Aug. 16, 2014: Premier Li Keqiang meets Bill Shuster, chairman of the House Transportation and Infrastructure Committee, and a delegation of US Congressmen in Beijing.

Aug. 19, 2014: US Department of Defense claims that a Chinese J-11 fighter jet conducted a dangerous intercept of a US P-8 Poseidon anti-submarine and reconnaissance plane in airspace to the east of China’s Hainan province.

Aug. 19, 2014: Chinese hackers break into databases for US hospital group, Community Health Systems, Inc., and steal the names and social security numbers of 4.5 million patients. The FBI starts investigations into the matter.

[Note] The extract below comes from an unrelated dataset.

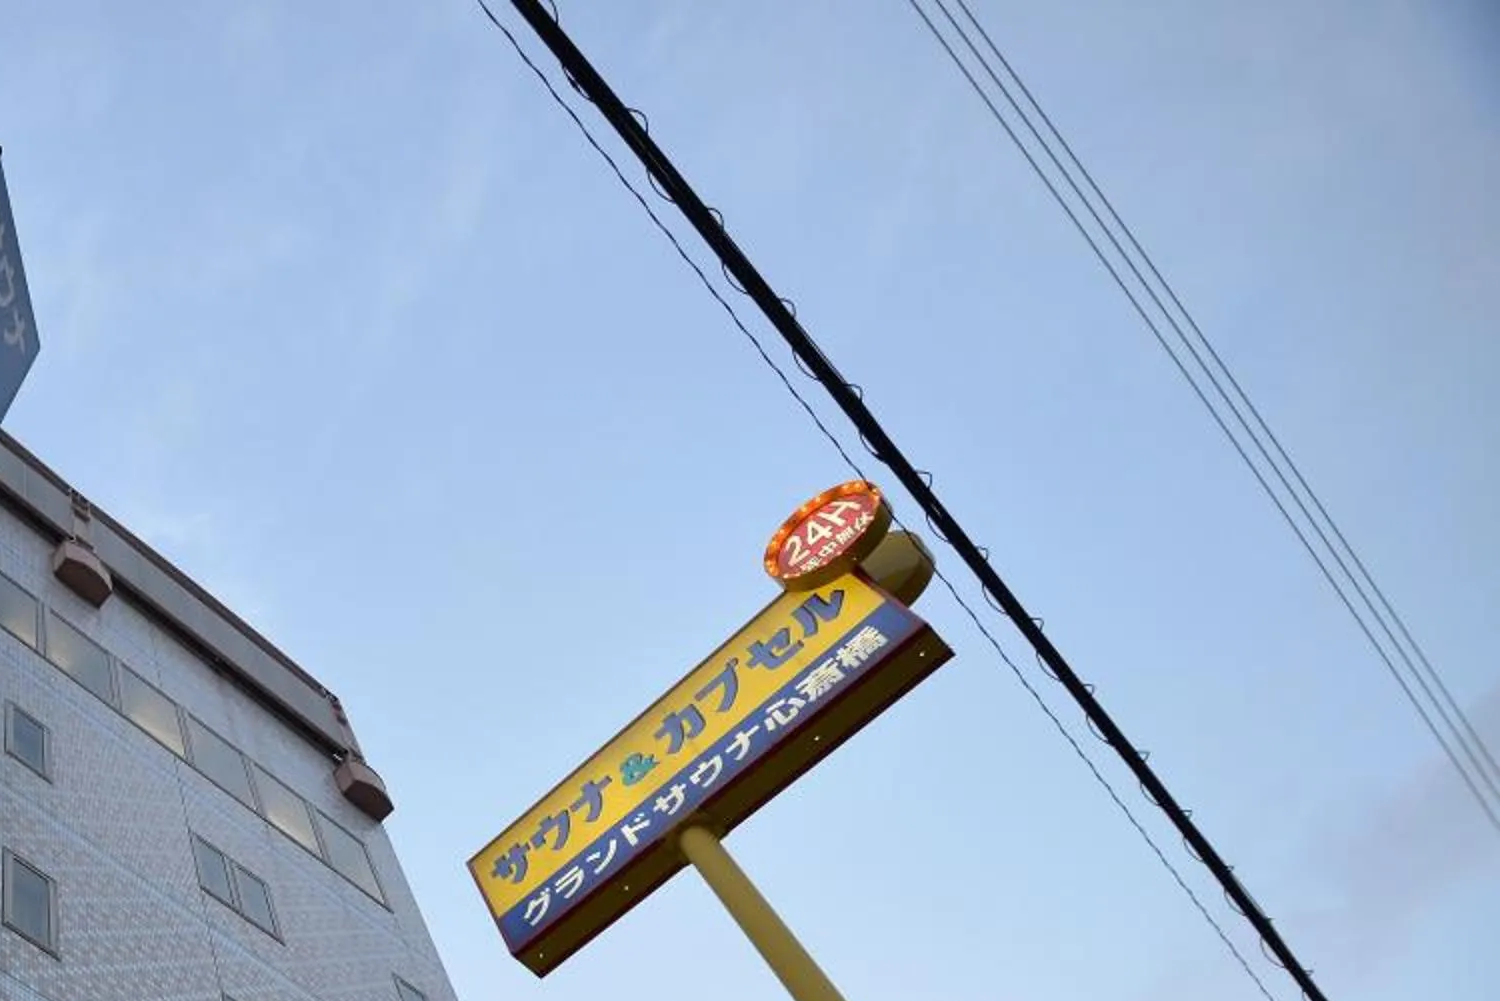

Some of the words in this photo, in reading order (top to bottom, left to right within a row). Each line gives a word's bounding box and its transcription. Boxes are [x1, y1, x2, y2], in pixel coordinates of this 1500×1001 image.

[785, 501, 862, 567] 24H
[524, 625, 890, 926] グランドサウナ心斎橋

Aug. 27-28, 2014: US and China hold a round of talks at the Pentagon on establishing rules of behavior in the air and at sea.

Aug. 28, 2014: Chinese Defense Ministry spokesperson Yang Yujun tells the US to stop air and naval surveillance near its borders. China claims this ‘close-in’ surveillance harms the broader strategic relationship.